10 Techs Pulled Down By Facebook Now Poised to Rise

The Cambridge Analytica scandal has had implications far beyond Facebook Inc. (FB), dragging down other tech stocks as well. 

Goldman Sachs Group Inc. (GS) looked at 25 such stocks and concludes that there is little or no connection between Facebook's troubles and their future prospects. Among those stocks that Goldman believes are poised to recover once investors get over their knee-jerk reactions are these 10: Cisco Systems Inc. (CSCO), Western Digital Corp. (WDC), Electronic Arts Inc. (EA), NVIDIA Corp. (NVDA), Xerox Corp. (XRX), Global Payments Inc. (GPN), eBay Inc. (EBAY), TE Connectivity Ltd. (TEL), Synopsys Inc. (SNPS), and Take-Two Interactive Software Inc. (TTWO).

To be sure, Facebook's troubles may have acted as a catalyst for investors to act on other fears that already beset the technology sector. These include high valuations by historical standards for the market in general and for tech stocks in particular, worries that the long bull market finally might be nearing an end, the mounting prospect of trade wars and growing concerns that leading technology companies might be constrained by regulation, most notably Facebook and Google parent Alphabet Inc. (GOOGL). (See also: Why a 20% Plunge In Tech Stocks Is a Buying Opportunity.)
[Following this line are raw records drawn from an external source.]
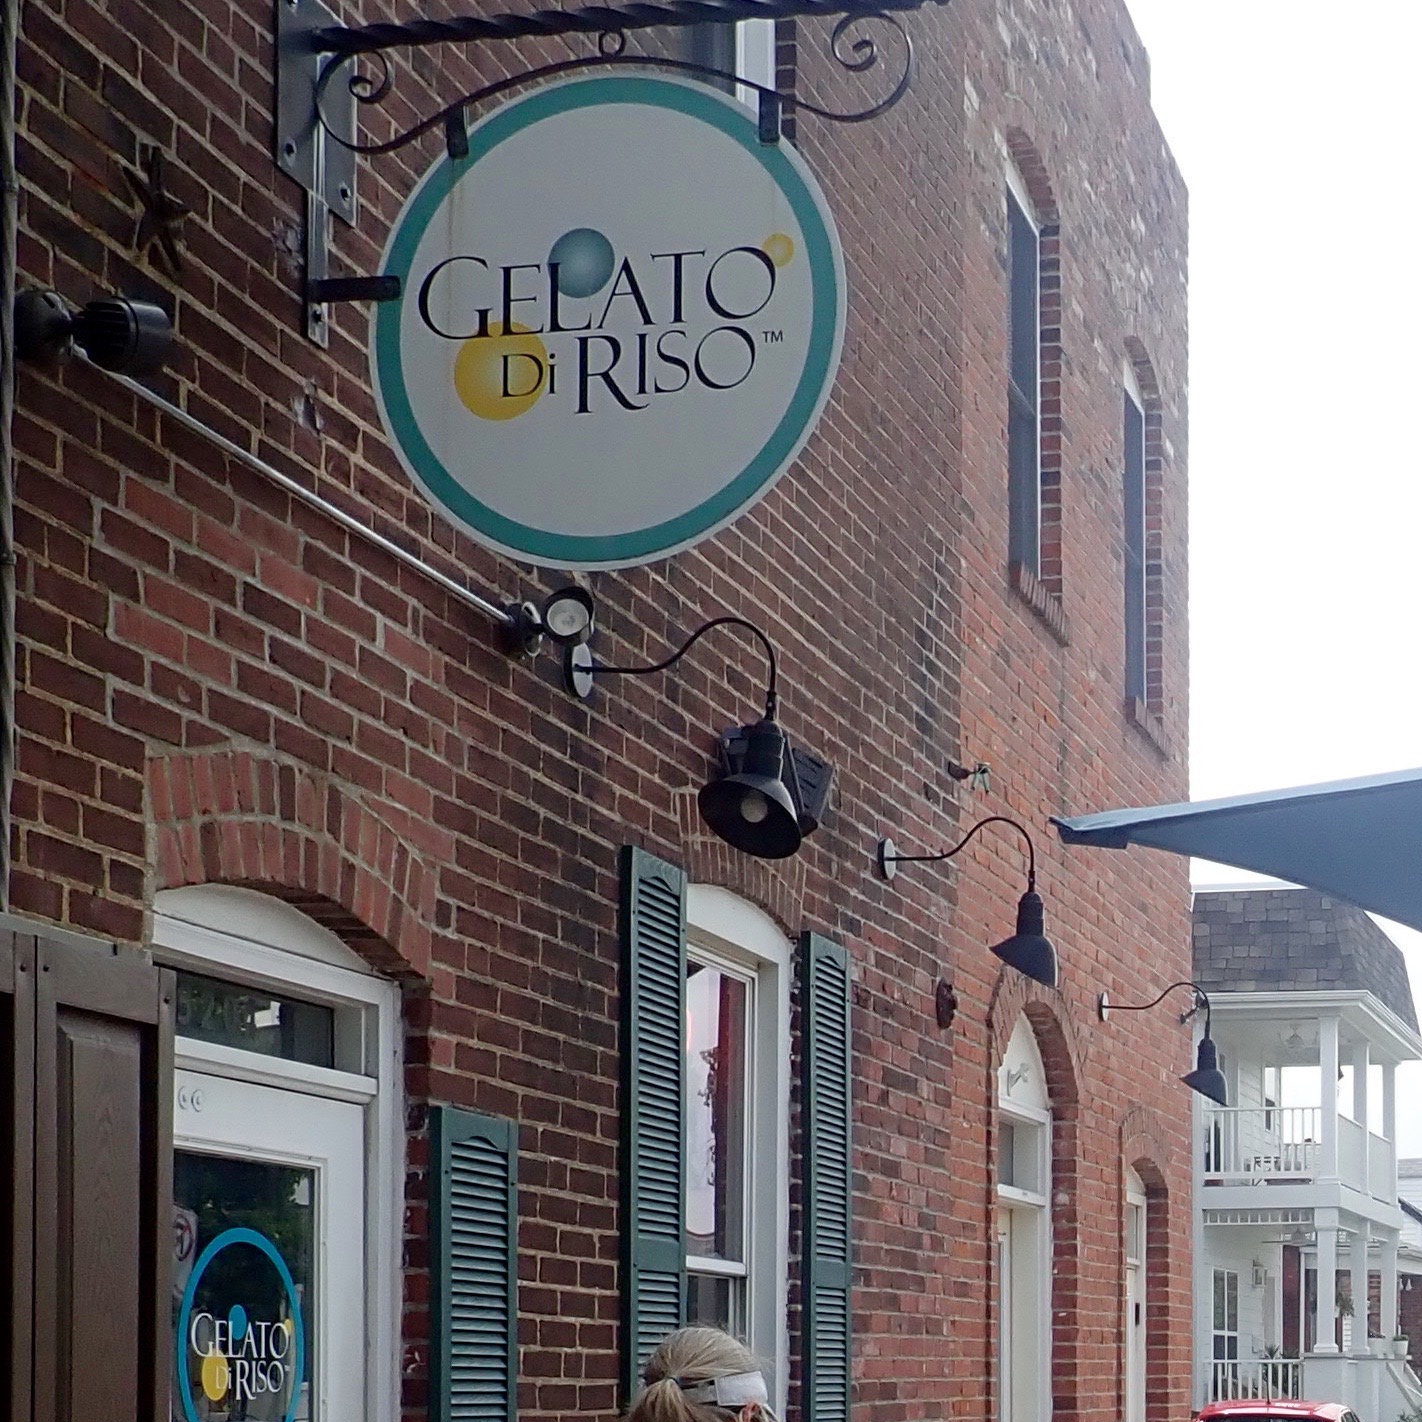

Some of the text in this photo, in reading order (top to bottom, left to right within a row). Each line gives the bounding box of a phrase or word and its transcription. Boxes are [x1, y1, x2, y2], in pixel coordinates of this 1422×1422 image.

[418, 245, 776, 340] GELATO
[500, 352, 556, 398] Di
[575, 326, 756, 414] RISO
[191, 1313, 290, 1359] GELATO
[236, 1360, 284, 1400] RISO
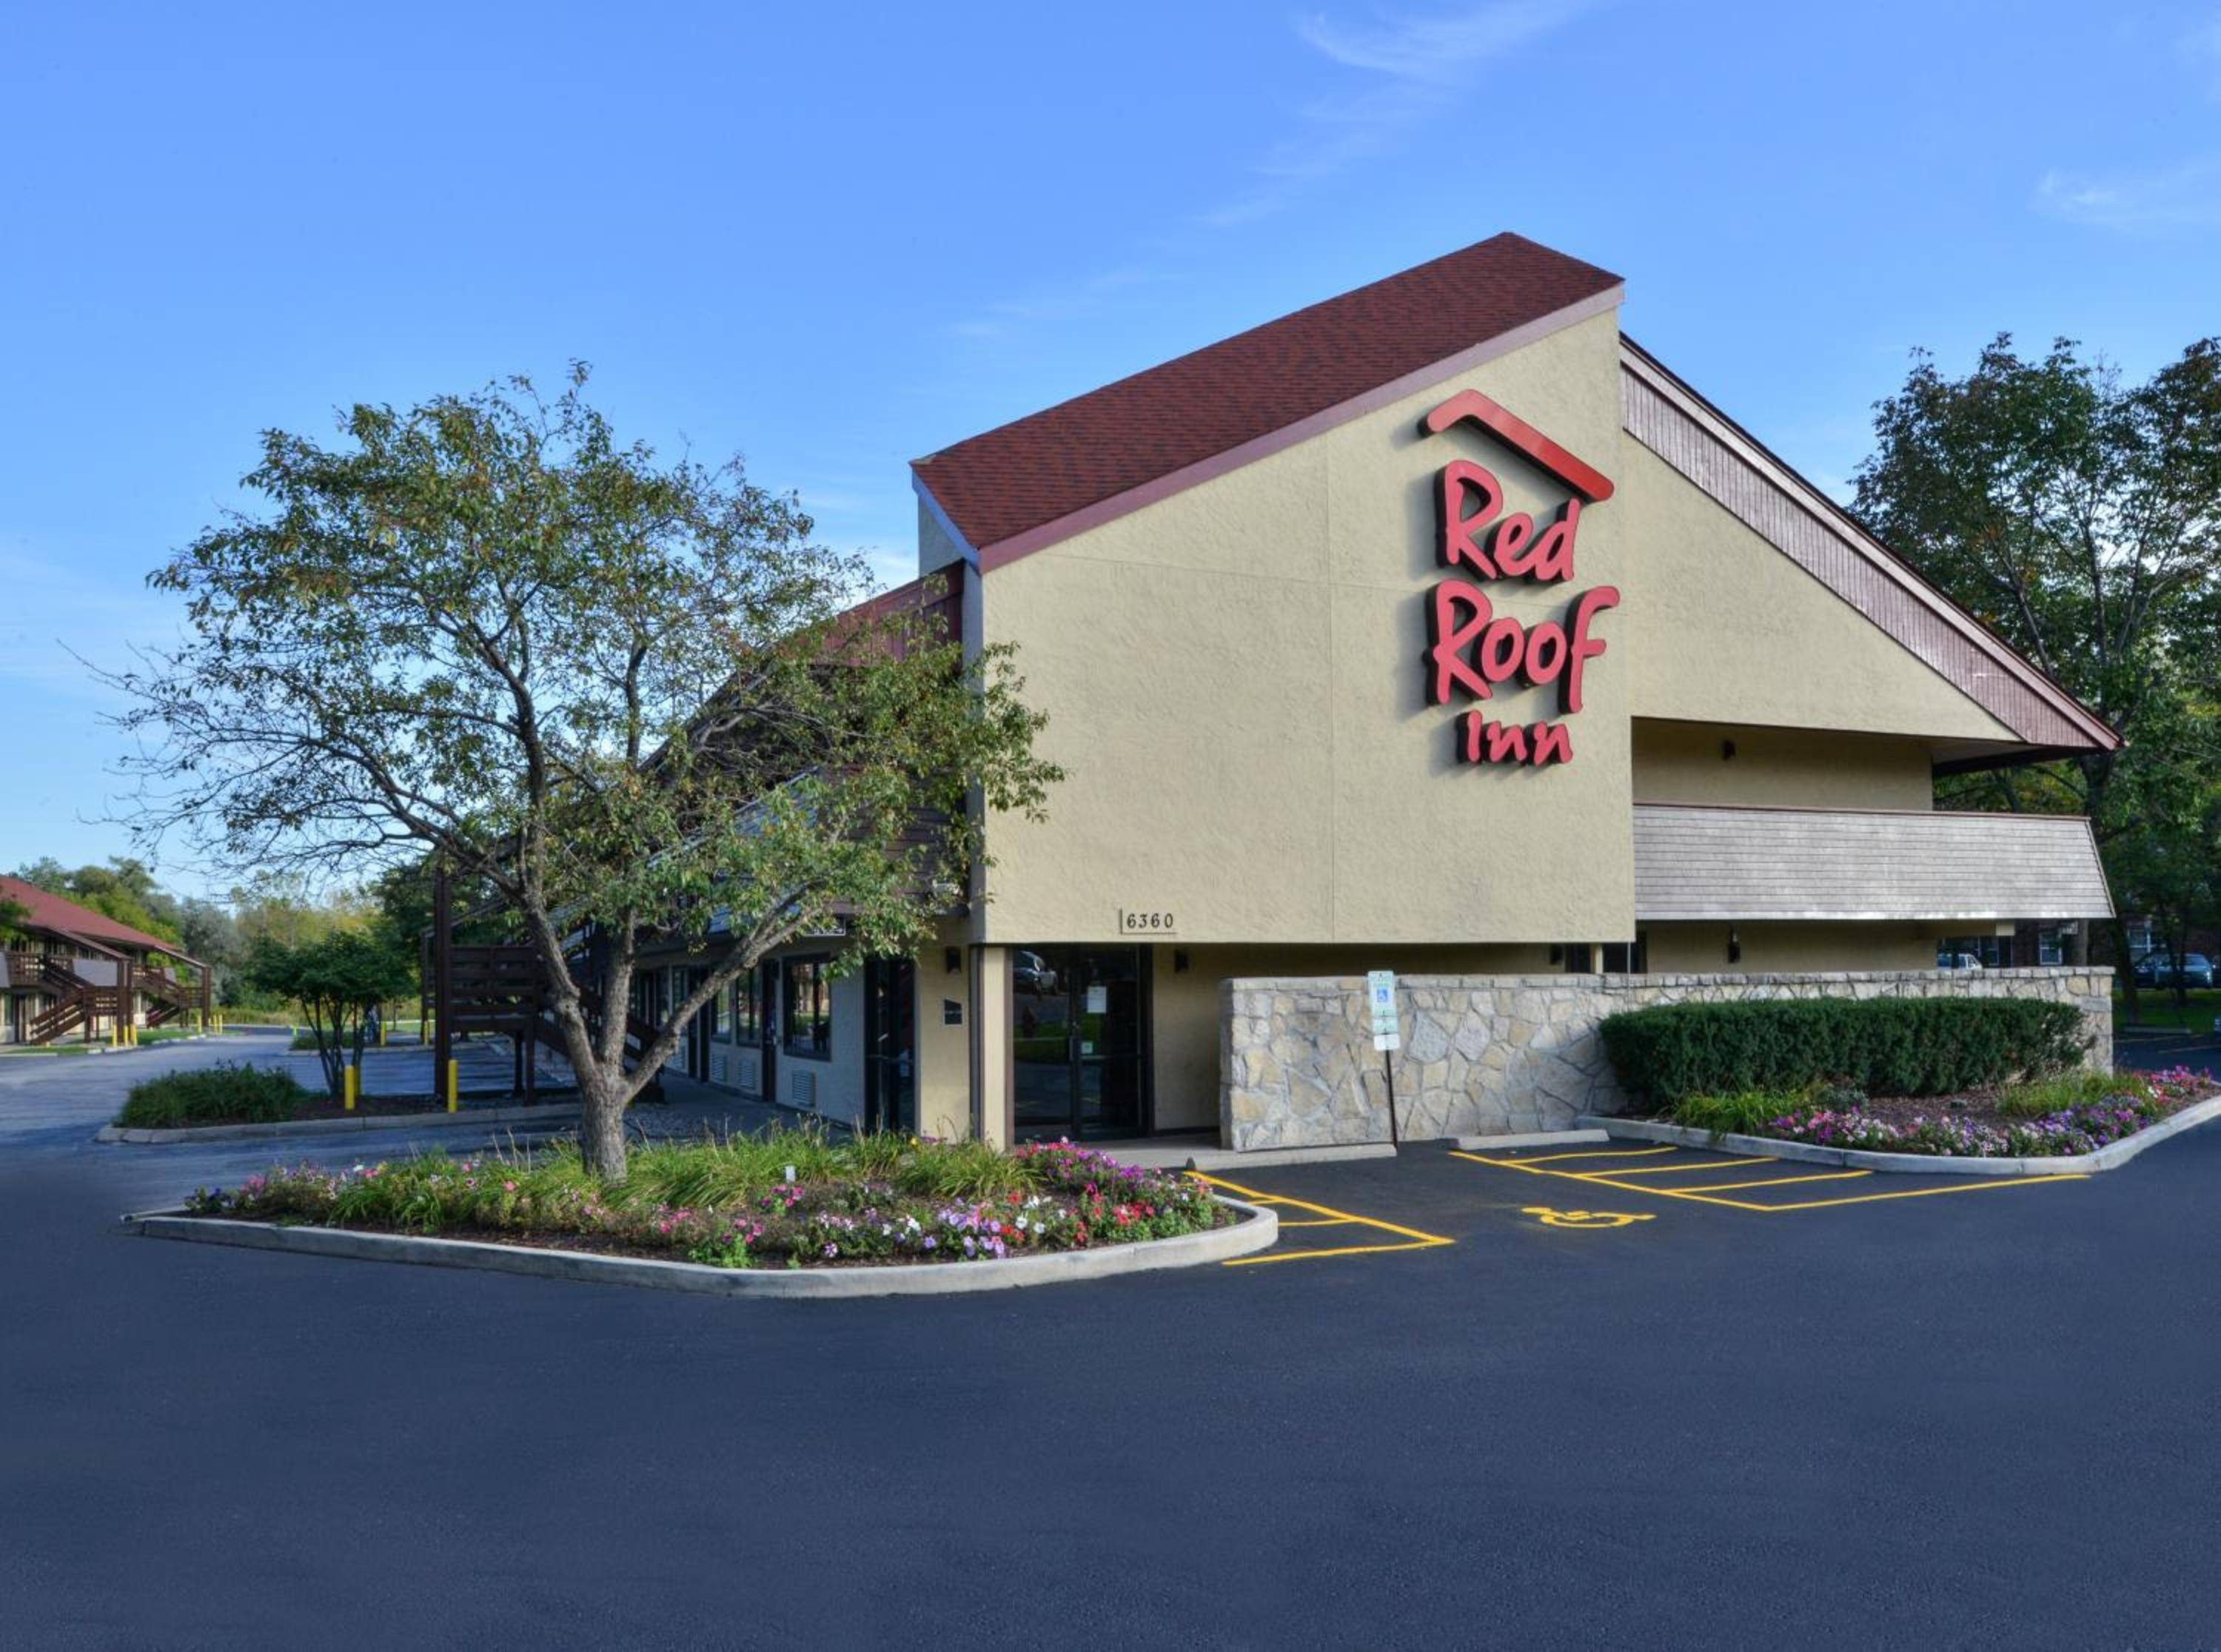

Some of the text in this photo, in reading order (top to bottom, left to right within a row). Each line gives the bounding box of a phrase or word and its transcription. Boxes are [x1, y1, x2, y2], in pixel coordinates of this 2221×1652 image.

[1444, 460, 1581, 581] Red
[1432, 579, 1621, 713] Roof
[1464, 710, 1574, 765] Inn
[1126, 913, 1174, 929] 6360
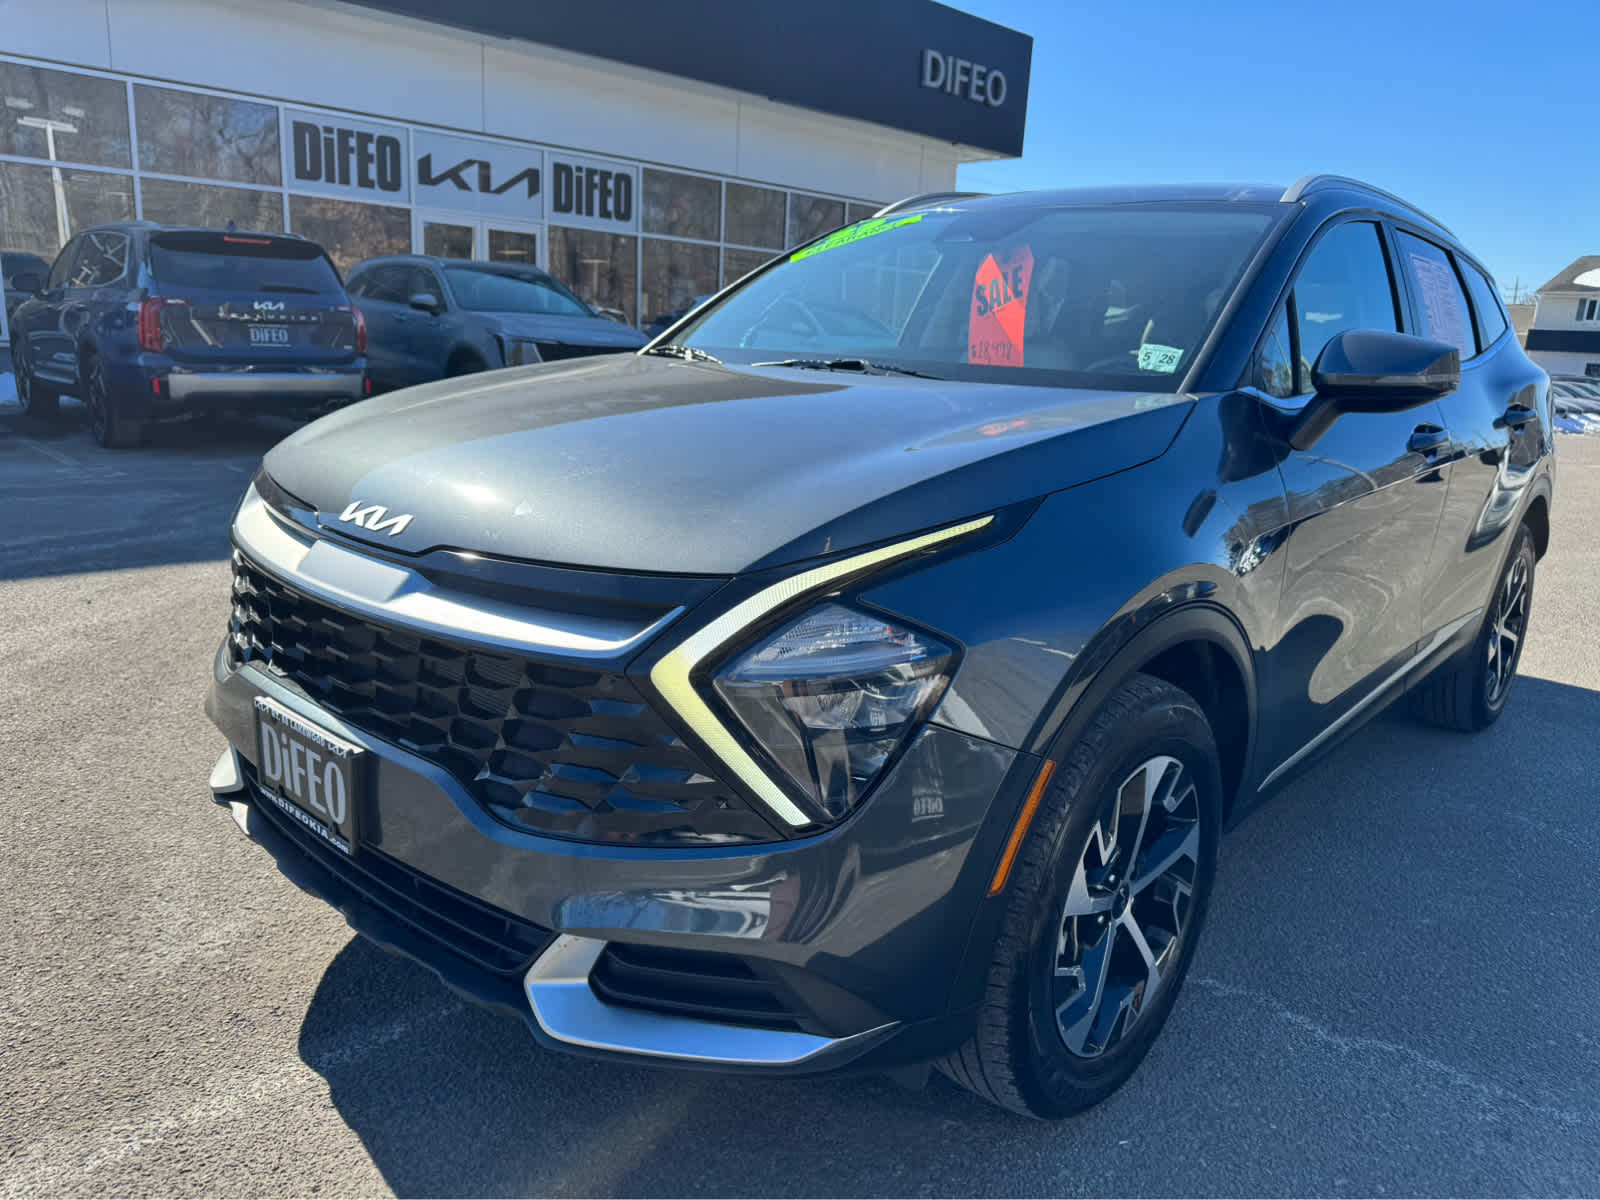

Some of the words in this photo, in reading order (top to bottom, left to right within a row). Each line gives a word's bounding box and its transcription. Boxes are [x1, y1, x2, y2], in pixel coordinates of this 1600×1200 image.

[923, 48, 1007, 107] DIFEO
[292, 119, 401, 192] DiFEO
[417, 153, 540, 199] KIA
[553, 161, 632, 221] DiFEO
[975, 264, 1024, 317] SALE
[1142, 351, 1152, 361] 5
[1159, 353, 1176, 365] 28
[339, 500, 414, 536] KIA
[261, 721, 346, 825] DiFEO
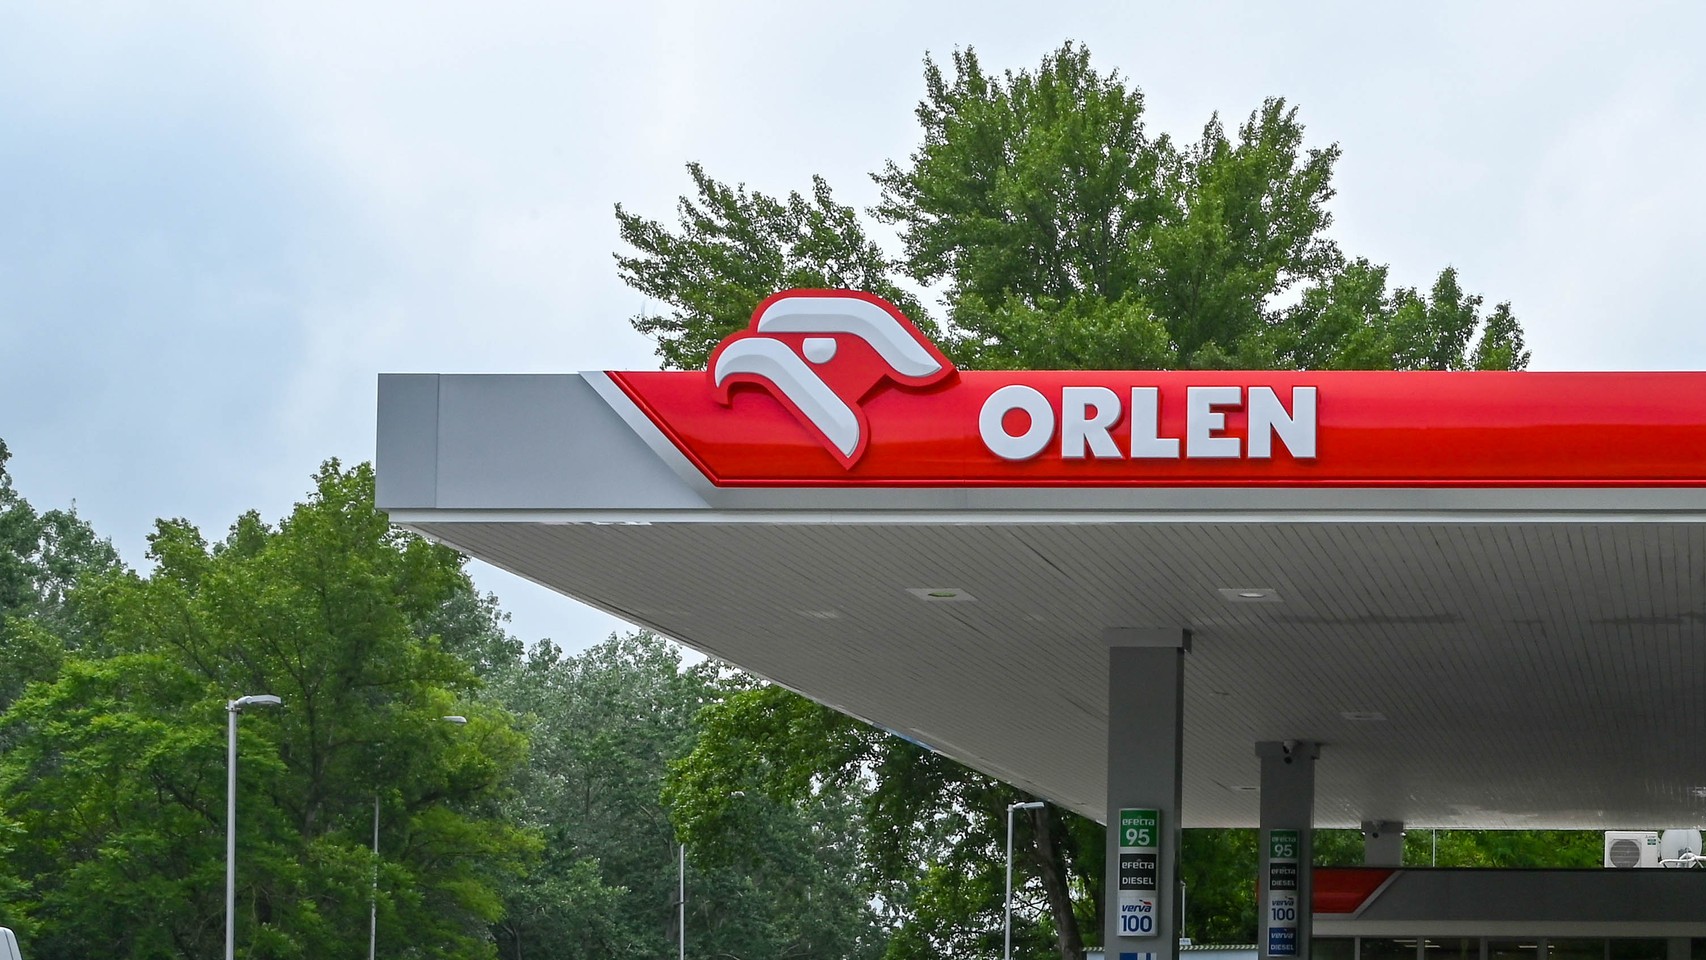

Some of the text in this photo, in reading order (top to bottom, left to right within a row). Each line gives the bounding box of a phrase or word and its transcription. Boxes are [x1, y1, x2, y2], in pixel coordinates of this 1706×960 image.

As Facebook Goes, So They Go

For the 25 tech stocks that Goldman analyzed, they looked at the correlation of their prices with Facebook during two time periods, from March 15 through April 11, and from 2012 through April 11. A correlation of 1.00 indicates perfect positive correlation, meaning that if Facebook stock is up or down by a given percentage, the stock in question tends to be up or down by the same percentage. A correlation of 0.50, for example, indicates that the stock in question tends to have a percentage move that is half that of Facebook. Here are those figures, along with how much these stocks have fallen from their 52-week highs through the open on April 16:

  • Cisco: 0.71, 0.18, -6.6%
  • Western Digital: 0.57, 0.16, -15.3%
  • Electronic Arts: 0.66, 0.17, -7.4%
  • NVIDIA: 0.70, 0.21, -8.9%
  • Xerox: 0.59, 0.20, -24.2%
  • Global Payments: 0.63, 0.23, -7.0%
  • eBay: 0.62, 0.20, -14.4%, -14.4%
  • TE Connectivity: 0.67, 0.25, -7.5%
  • Synopsys: 0.69, 0.25, -11.3%
  • Take-Two: 0.64, 0.19, -24.2%

Goldman's findings were presented in a report dated April 12, "U.S. Macroscope: Where to find stock-picking opportunities in a correlated market." Data on 52-week highs is per Yahoo Finance.

Temporary Anomaly

As the figures above indicate, the correlations between Facebook stock and the 10 stocks listed above have surged in recent weeks. This is part of a larger phenomenon. Goldman reports that correlations among stocks in the entire S&P 500 Index (SPX) have jumped from an all-time low of 9% at the start of 2018 to 52% as of last week, the biggest and fastest increase since 1980, with the exception of 1987. They believe that this is a temporary anomaly. "Stock correlations are mean-reverting and we expect they will fall given the idiosyncratic nature of policy risks," Goldman writes.

The historic low correlation of 9% in early January, Goldman believes, was partly driven by tax reform, which created a diverse set of winners and losers. Right now, they say, high correlations are being caused by widespread uncertainty over trade, regulation and the upcoming midterm elections for Congress.

Different Stocks, Different Worries

Facebook's recent woes are tied to a growing public relations and political flap over data privacy issues. However, as pointed out by TheStreet, these concerns are irrelevant for the likes of video game publishers Take-Two and Electronic Arts, semiconductor maker NVIDIA, computer networking company Cisco or data storage device maker Western Digital, among others.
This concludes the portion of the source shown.